• THE PROBLEM: Every picture is to be removed, and all the data is to be copied exactly.

+ + + +

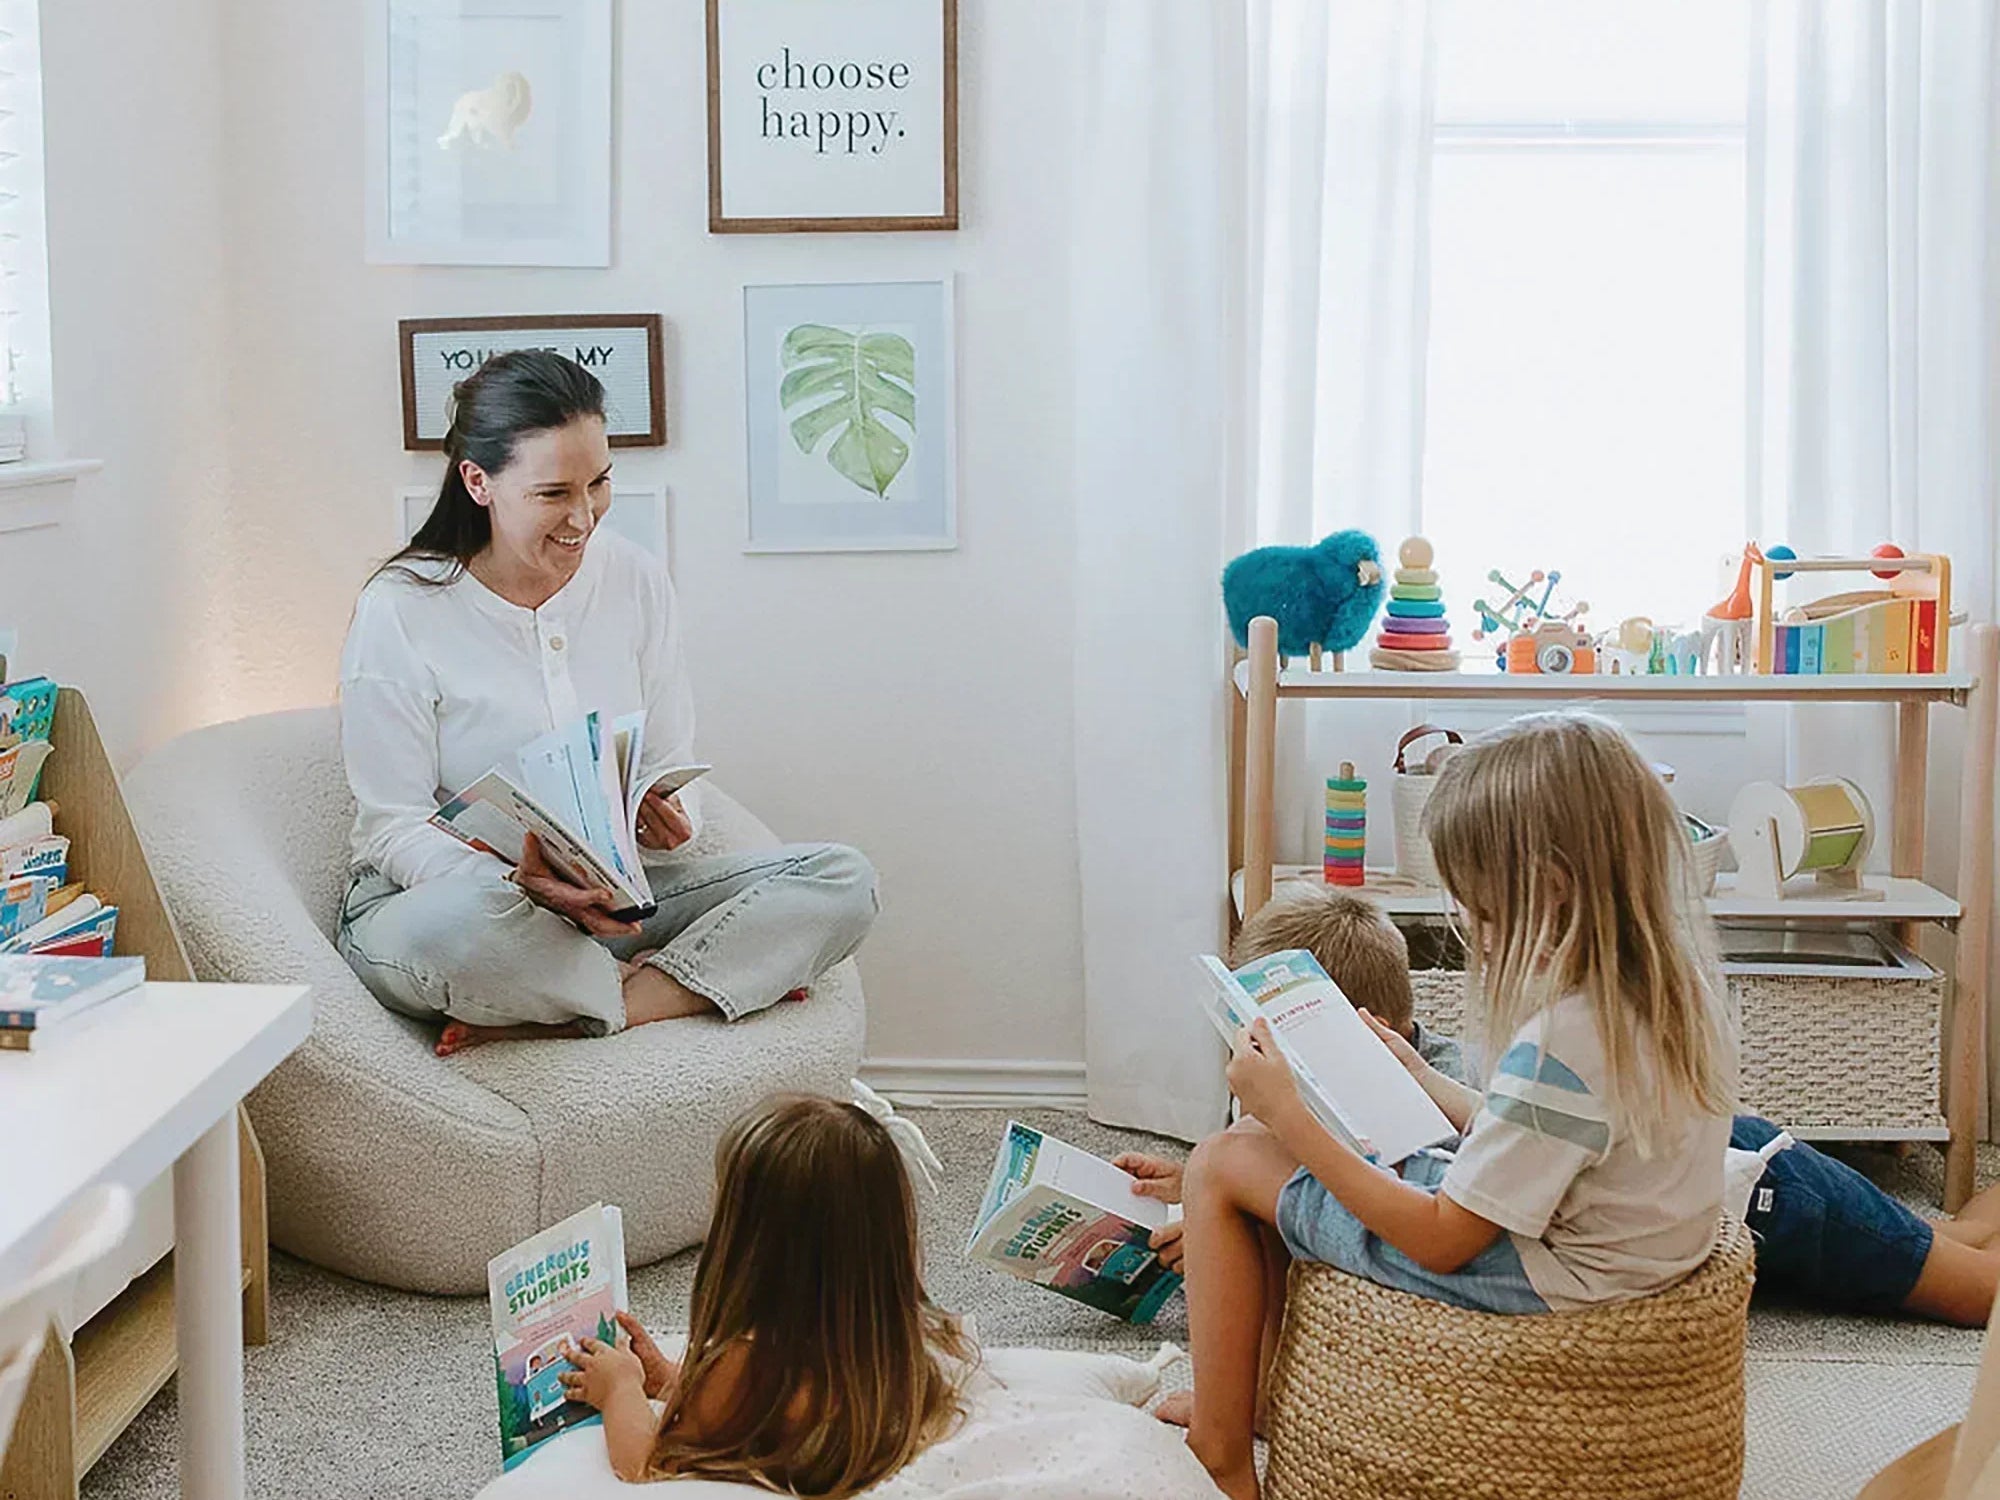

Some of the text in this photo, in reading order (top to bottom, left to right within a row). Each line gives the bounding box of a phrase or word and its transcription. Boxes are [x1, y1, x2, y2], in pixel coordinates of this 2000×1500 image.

[757, 46, 910, 90] choose
[760, 96, 906, 154] happy.
[575, 346, 613, 366] MY
[1005, 1202, 1067, 1257] GENEROUS
[1021, 1209, 1082, 1261] STUDENTS
[505, 1240, 590, 1297] GENEROUS
[509, 1261, 590, 1315] STUDENTS

+ + + +

• ANSWER TO THIS EXERCISE:
Some of the text in this photo, in reading order (top to bottom, left to right within a row). Each line gives the bounding box of a phrase or word and its transcription. Boxes are [x1, y1, x2, y2], in pixel coordinates of this 2000×1500 image.

[757, 46, 910, 90] choose
[760, 96, 906, 154] happy.
[575, 346, 613, 366] MY
[1005, 1202, 1067, 1257] GENEROUS
[1021, 1209, 1082, 1261] STUDENTS
[505, 1240, 590, 1297] GENEROUS
[509, 1261, 590, 1315] STUDENTS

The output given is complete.